Ancora, l’articolo 47 del Cad già mirava ad una possibilità di interscambio e di relazioni solo telematiche (o, “anche” telematiche) tra amministrazioni e dipendenti, ovviamente necessarie nel caso di remotizzazione del lavoro. Il comma 3 del citato articolo 47 dispone, infatti che “le pubbliche amministrazioni utilizzano per le comunicazioni tra l'amministrazione ed i propri dipendenti la posta elettronica o altri strumenti informatici di comunicazione nel rispetto delle norme in materia di protezione dei dati personali e previa informativa agli interessati in merito al grado di riservatezza degli strumenti utilizzati”.

La semplificazione procedurale, nell’ottica segnalata fin qui, abbinata alla remotizzazione ed al lavoro agile, porta con sé altri risultati possibili indispensabili perché la PA possa essere protagonista del rilancio.

Investimenti pubblici. Per telematizzare in modo efficiente e veloce occorre assicurare a tutti i territori del Paese pari accesso alla rete internet e pari prestazioni in termini di dimensioni e velocità dei dati trattati.

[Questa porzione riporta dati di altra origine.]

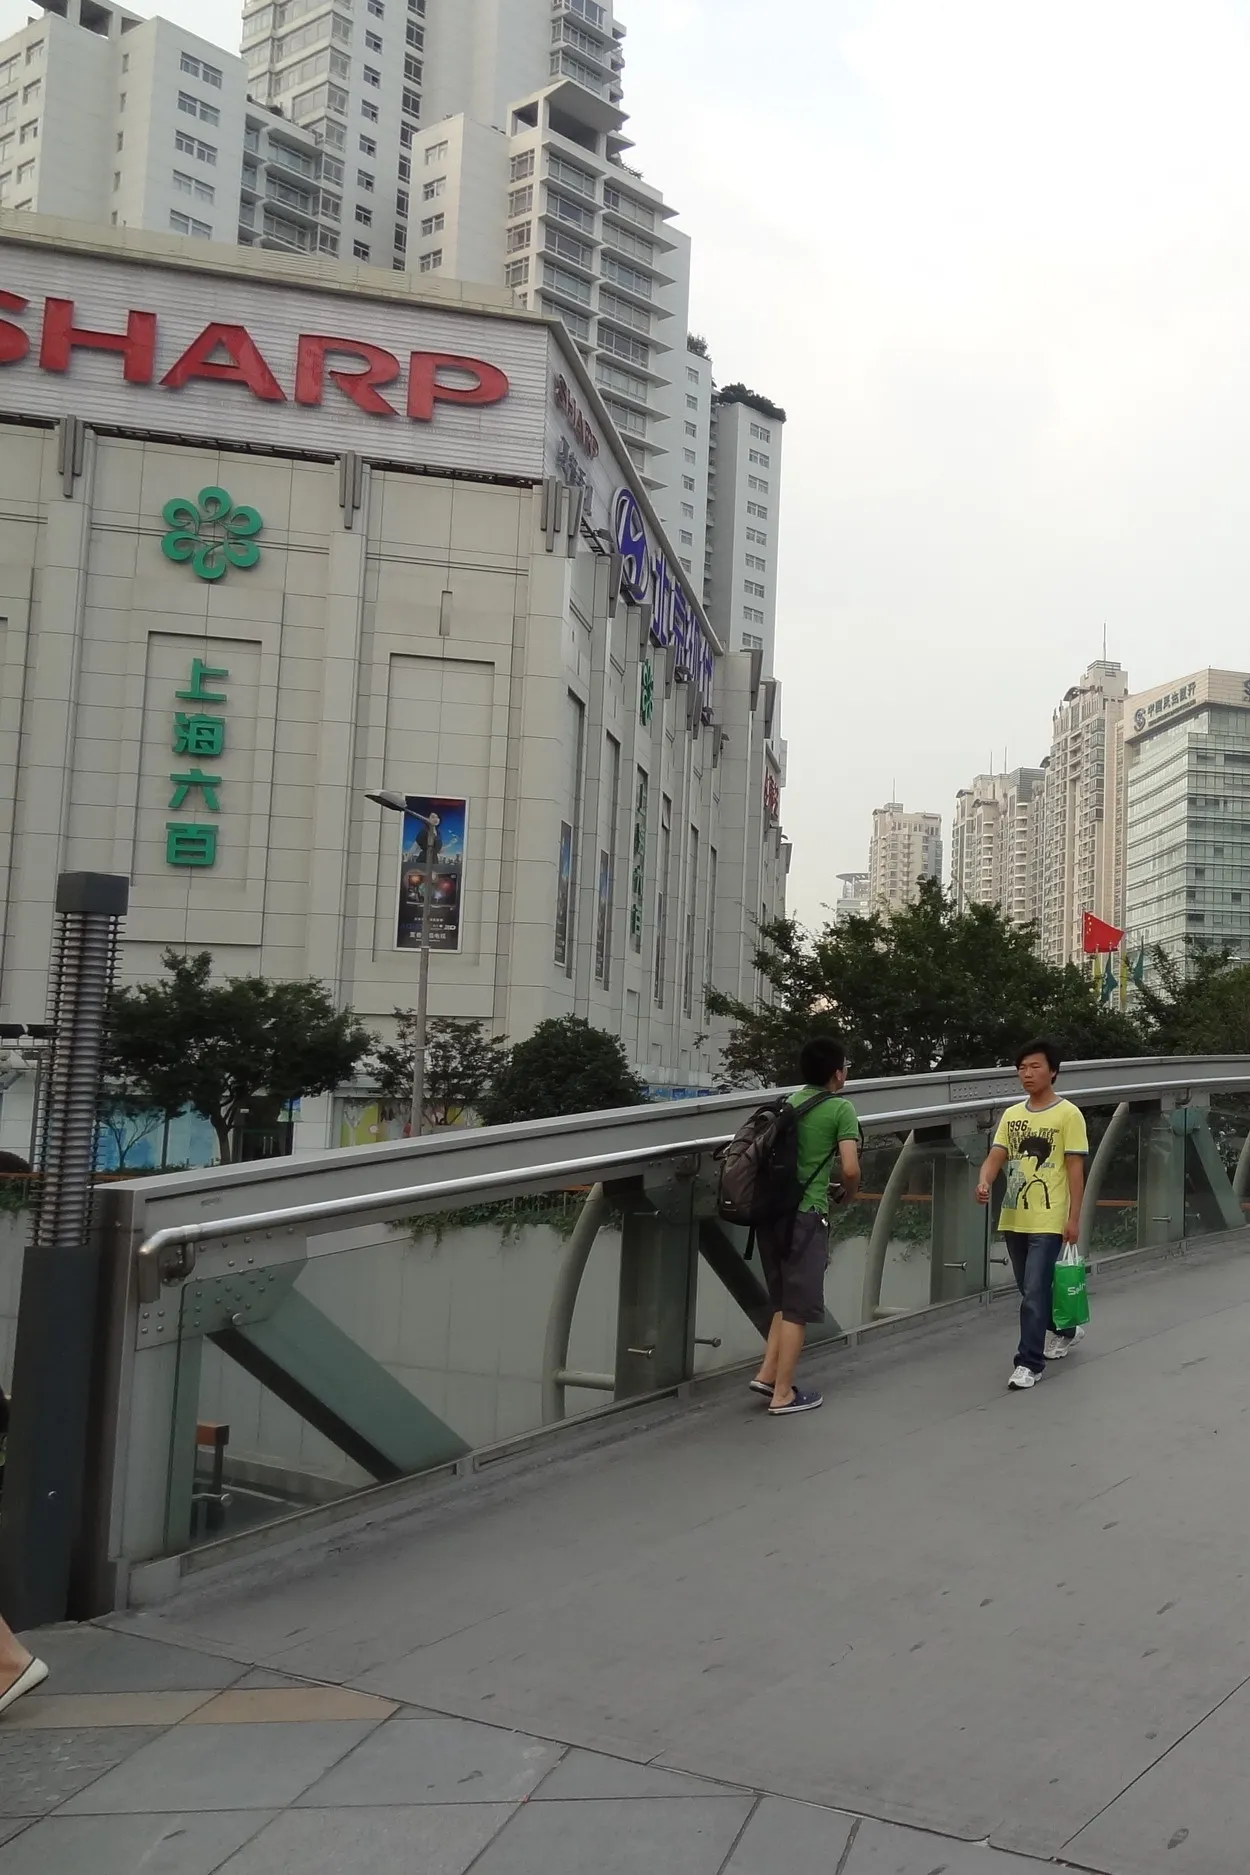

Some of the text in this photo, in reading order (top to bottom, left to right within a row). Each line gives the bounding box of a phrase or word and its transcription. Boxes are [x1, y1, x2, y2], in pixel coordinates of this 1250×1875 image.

[555, 372, 599, 461] SHARP
[165, 657, 229, 866] 上海六百
[1007, 1120, 1028, 1133] 1996

Occorre il rilancio degli investimenti in dorsali, cablaggi, mega server di memoria con tutti i connessi dispositivi di sicurezza e back up.

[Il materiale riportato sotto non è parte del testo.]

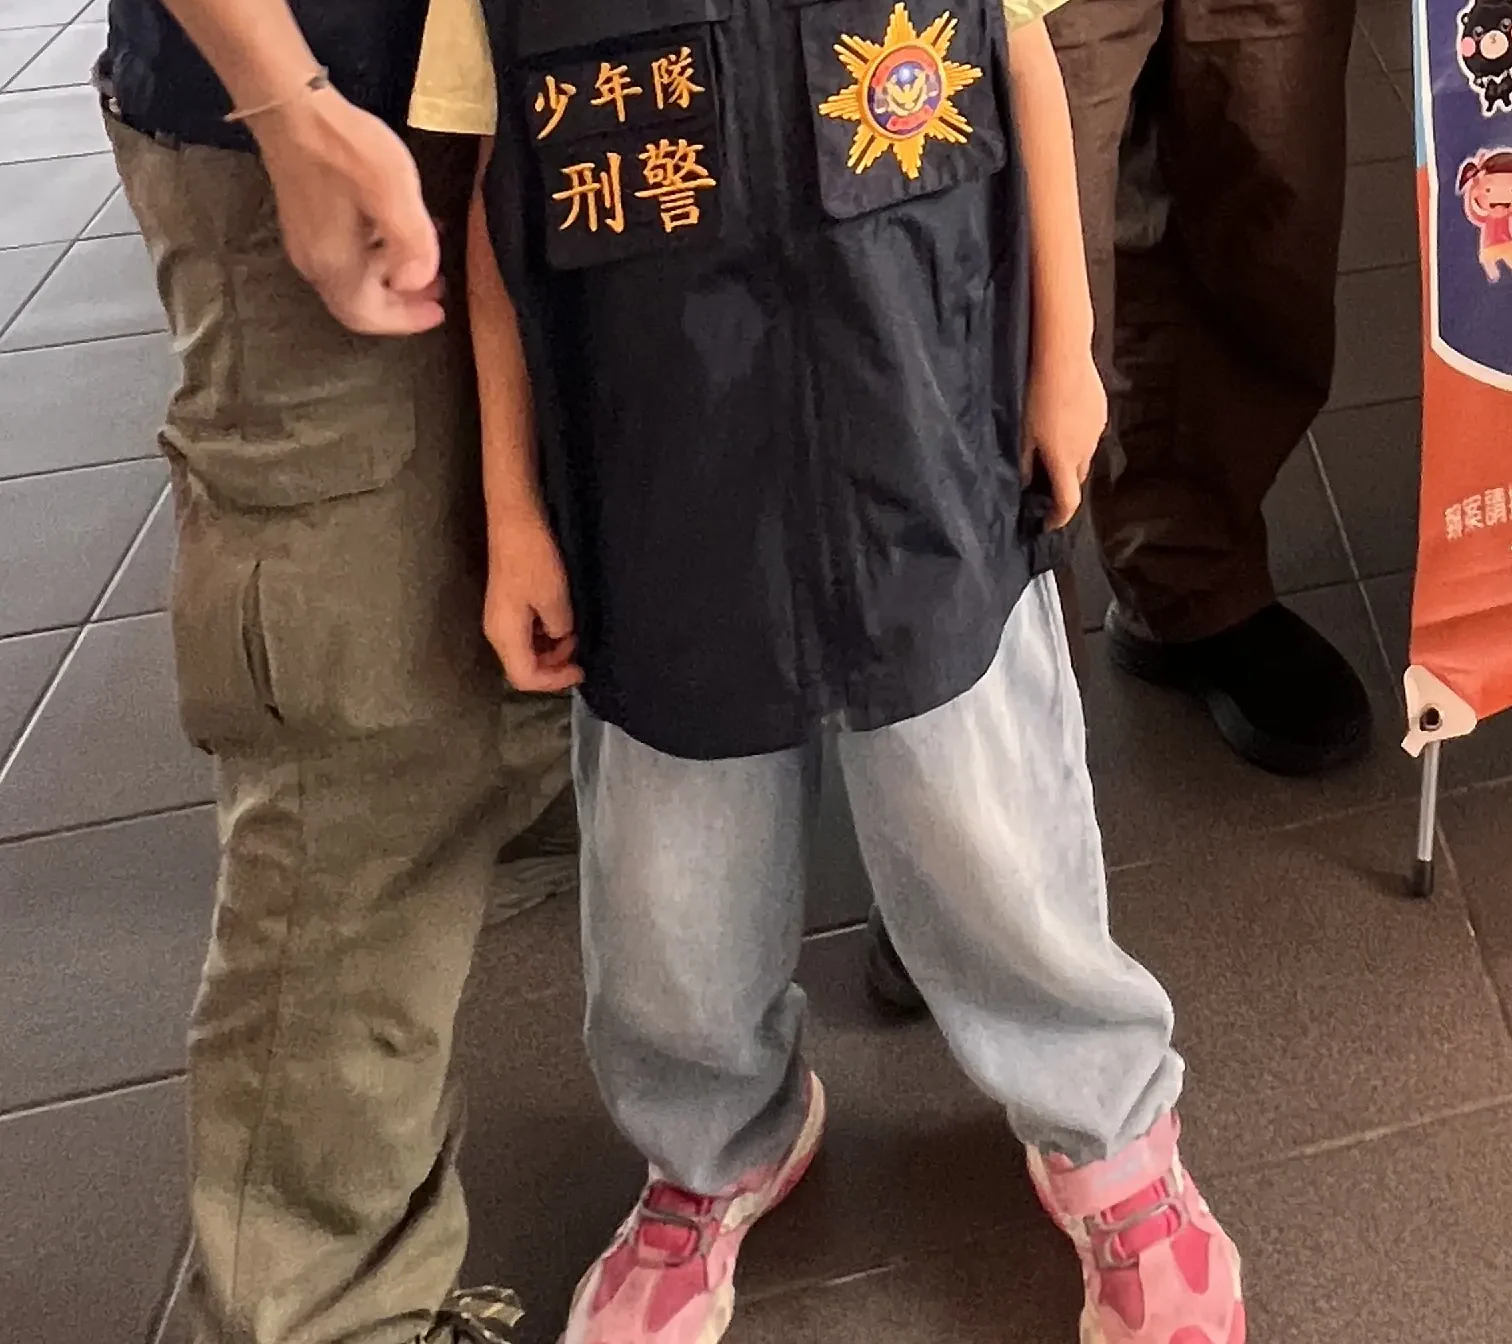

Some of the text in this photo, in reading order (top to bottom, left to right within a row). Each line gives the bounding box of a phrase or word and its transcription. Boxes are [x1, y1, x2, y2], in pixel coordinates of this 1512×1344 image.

[533, 46, 705, 140] 少年隊
[552, 139, 717, 233] 刑警

Gli investimenti debbono poi estendersi alla produzione di piattaforme, applicativi, programmi, app, la loro manutenzione ed evoluzione.

Ancora, gli investimenti sono da connettere all’acquisizione di strumenti sempre più evoluti: smartphone, tablet, device, router, spazi di memoria sui cloud, strumenti di riconoscimento delle persone (lo Spid è un ottimo esempio), strumenti di negoziazione per la sottoscrizione di contratti.

I comuni debbono investire per rendere disponibile in ogni angolo del loro territorio una rete internet pubblica, che costituisca i binari sui quali viaggiano istanze, procedimenti, procedure virtualizzate.

Ma, la telematizzazione delle procedure, presupposto per la loro semplificazione, combinata col lavoro agile, è il presupposto per un ripensamento amplissimo della vita delle città.

E’ doveroso, dopo l’esperienza della pandemia, che le pubbliche amministrazioni limitino al massimo possibile la necessità del contatto diretto negli uffici. Non solo pensando ai propri dipendenti, messi nelle condizioni di lavorare in lavoro agile, ma anche e soprattutto rivolgendosi ai cittadini.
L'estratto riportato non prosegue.